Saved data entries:
****************************************
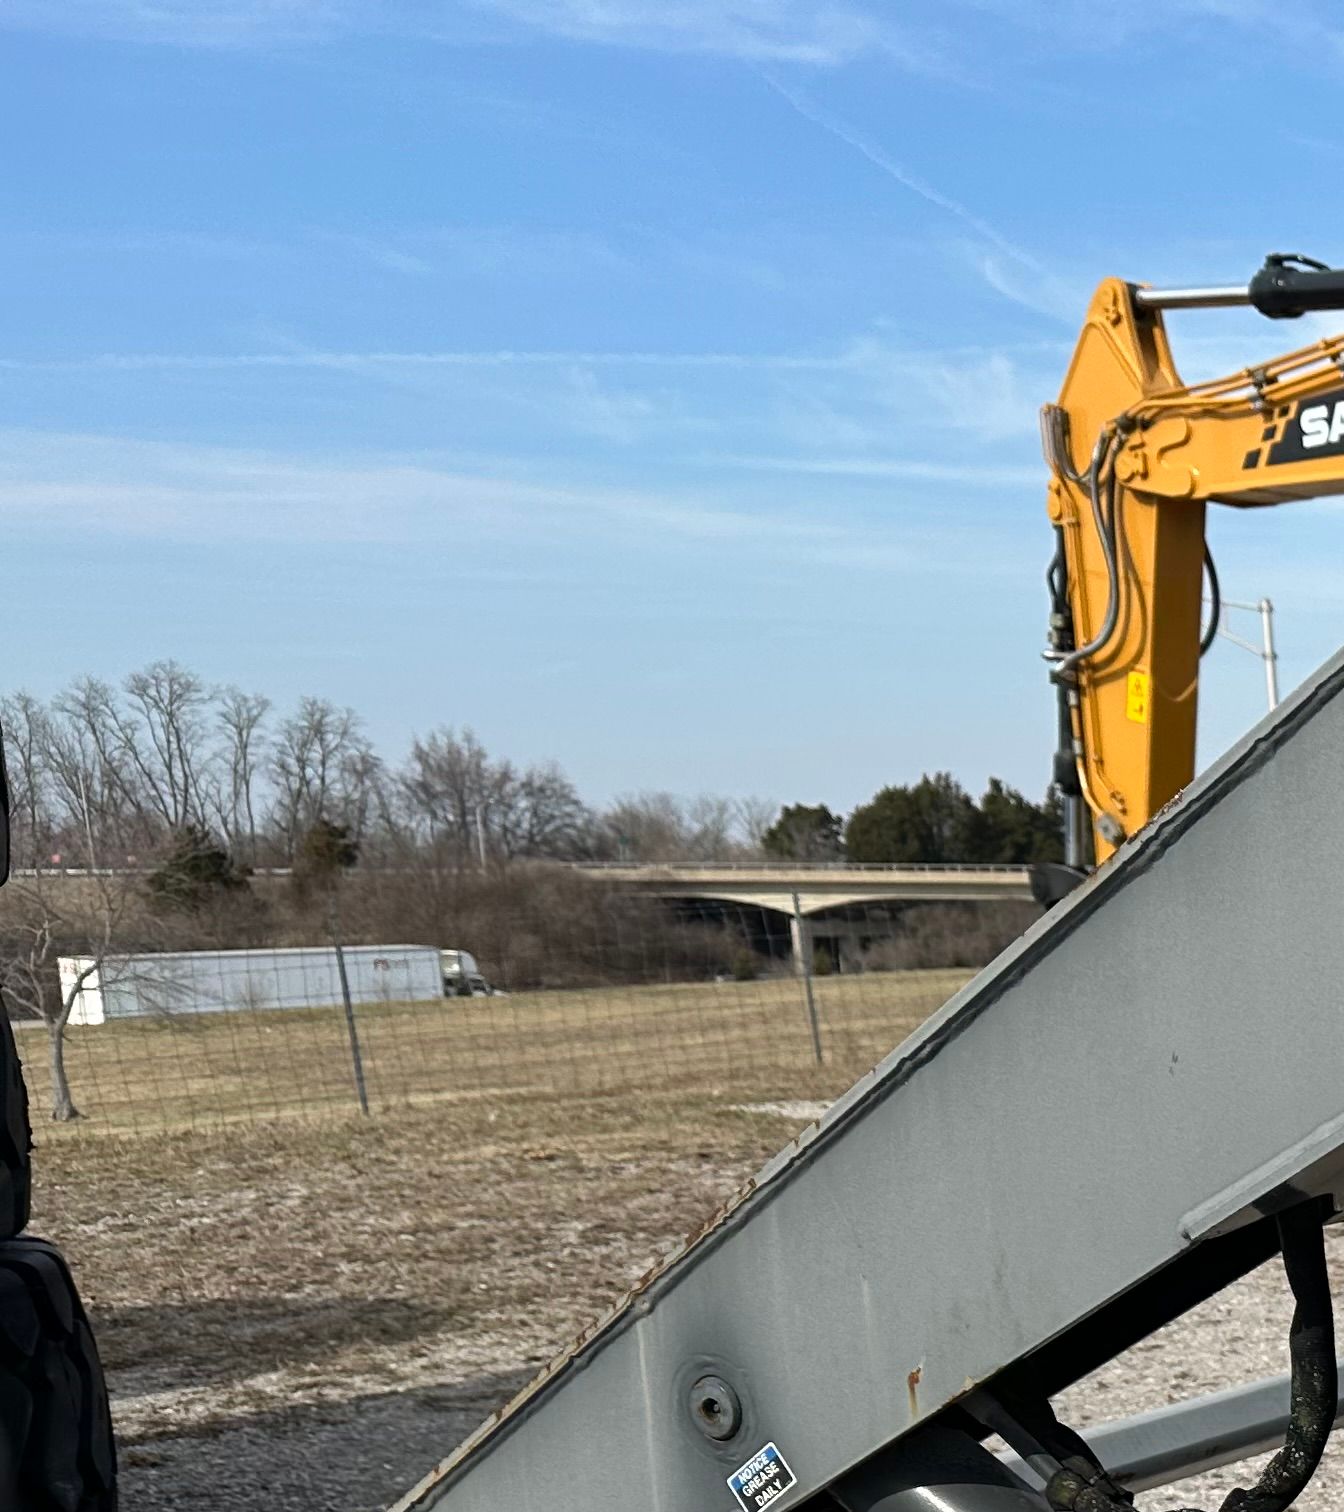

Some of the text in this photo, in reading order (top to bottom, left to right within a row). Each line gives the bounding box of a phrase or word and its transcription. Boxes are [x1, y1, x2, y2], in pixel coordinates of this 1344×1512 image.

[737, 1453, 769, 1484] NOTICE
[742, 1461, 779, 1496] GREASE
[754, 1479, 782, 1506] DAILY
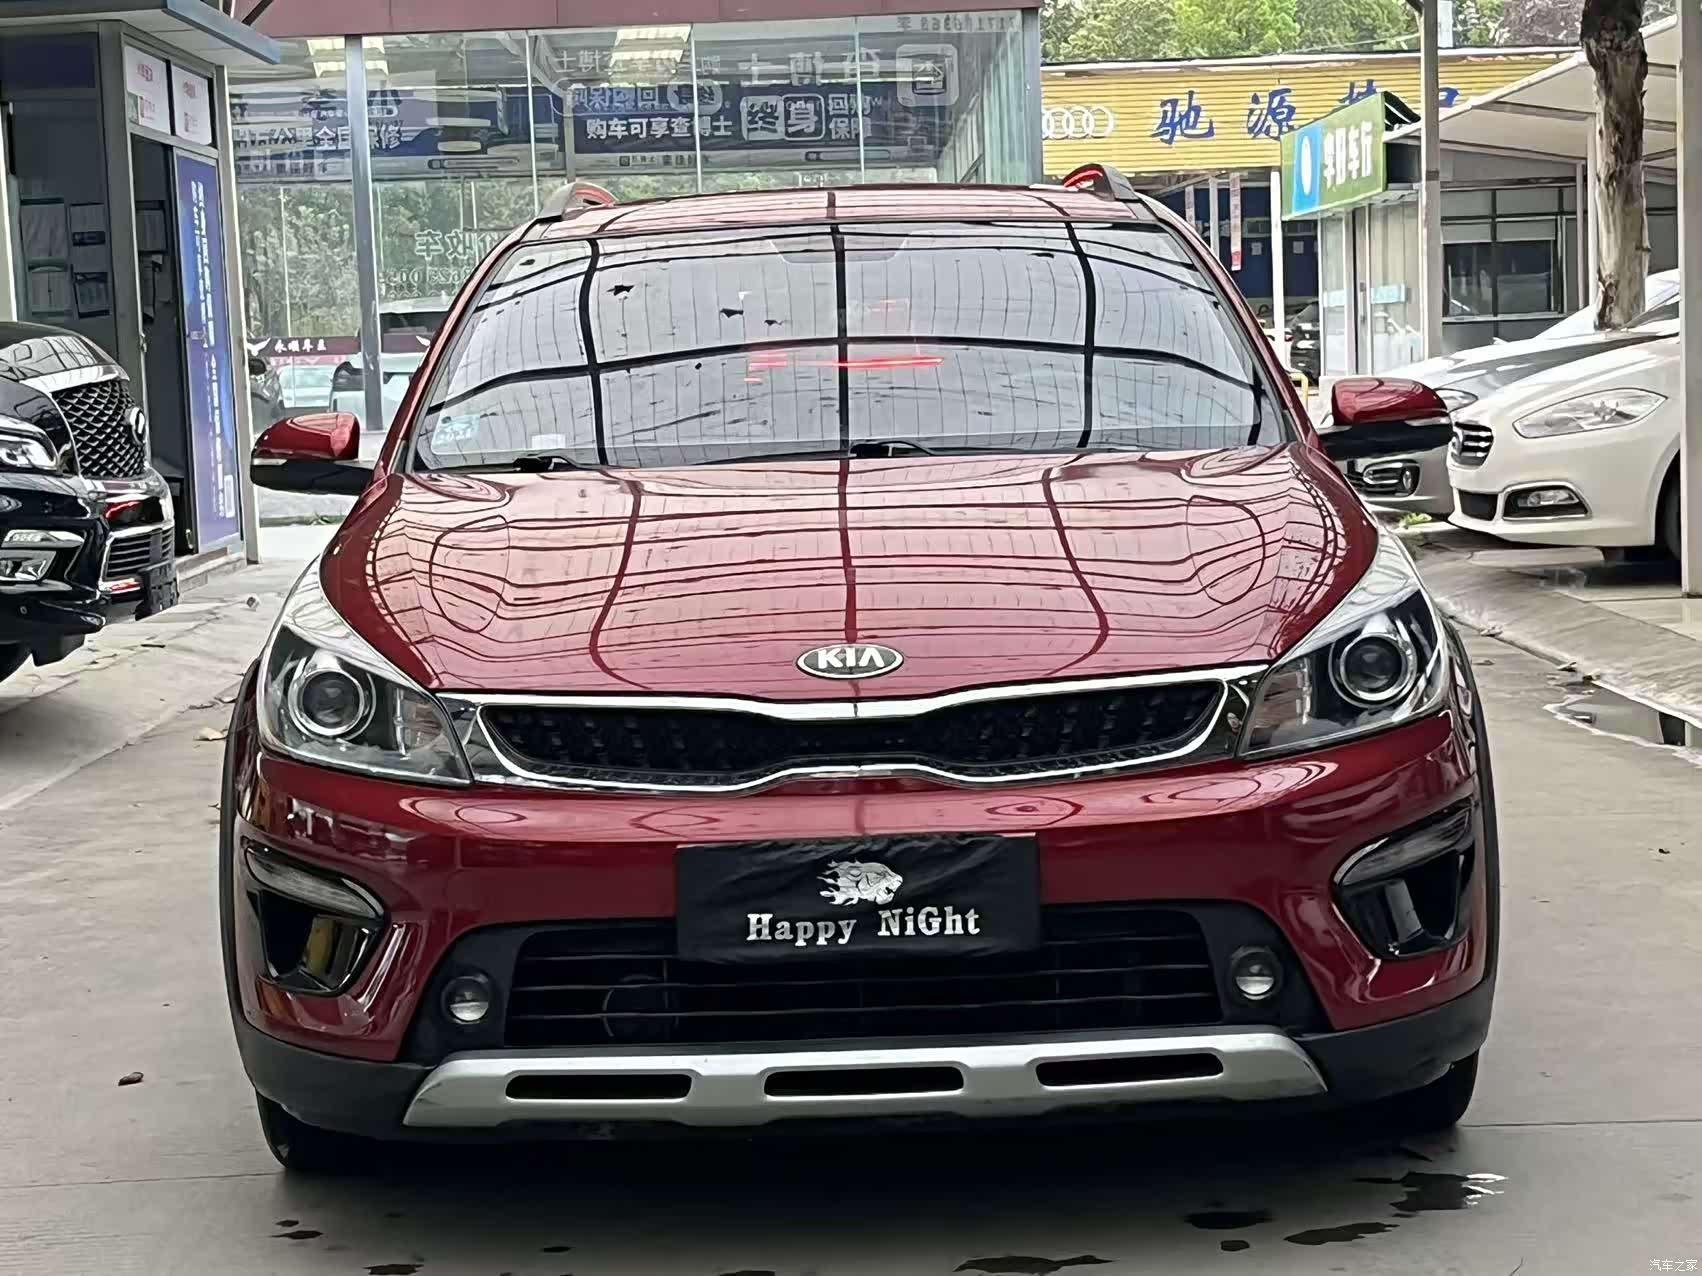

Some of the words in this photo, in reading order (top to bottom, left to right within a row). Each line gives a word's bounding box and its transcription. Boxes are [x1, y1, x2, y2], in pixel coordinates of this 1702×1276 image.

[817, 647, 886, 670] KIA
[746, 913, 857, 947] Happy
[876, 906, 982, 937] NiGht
****************************************
> **Required work**: Nothing but the lines from the one containing "Some of the words" through the end of the entries belongs in the answer; repeat them exactly.

> **Response**:
Some of the words in this photo, in reading order (top to bottom, left to right within a row). Each line gives a word's bounding box and its transcription. Boxes are [x1, y1, x2, y2], in pixel coordinates of this 1702×1276 image.

[817, 647, 886, 670] KIA
[746, 913, 857, 947] Happy
[876, 906, 982, 937] NiGht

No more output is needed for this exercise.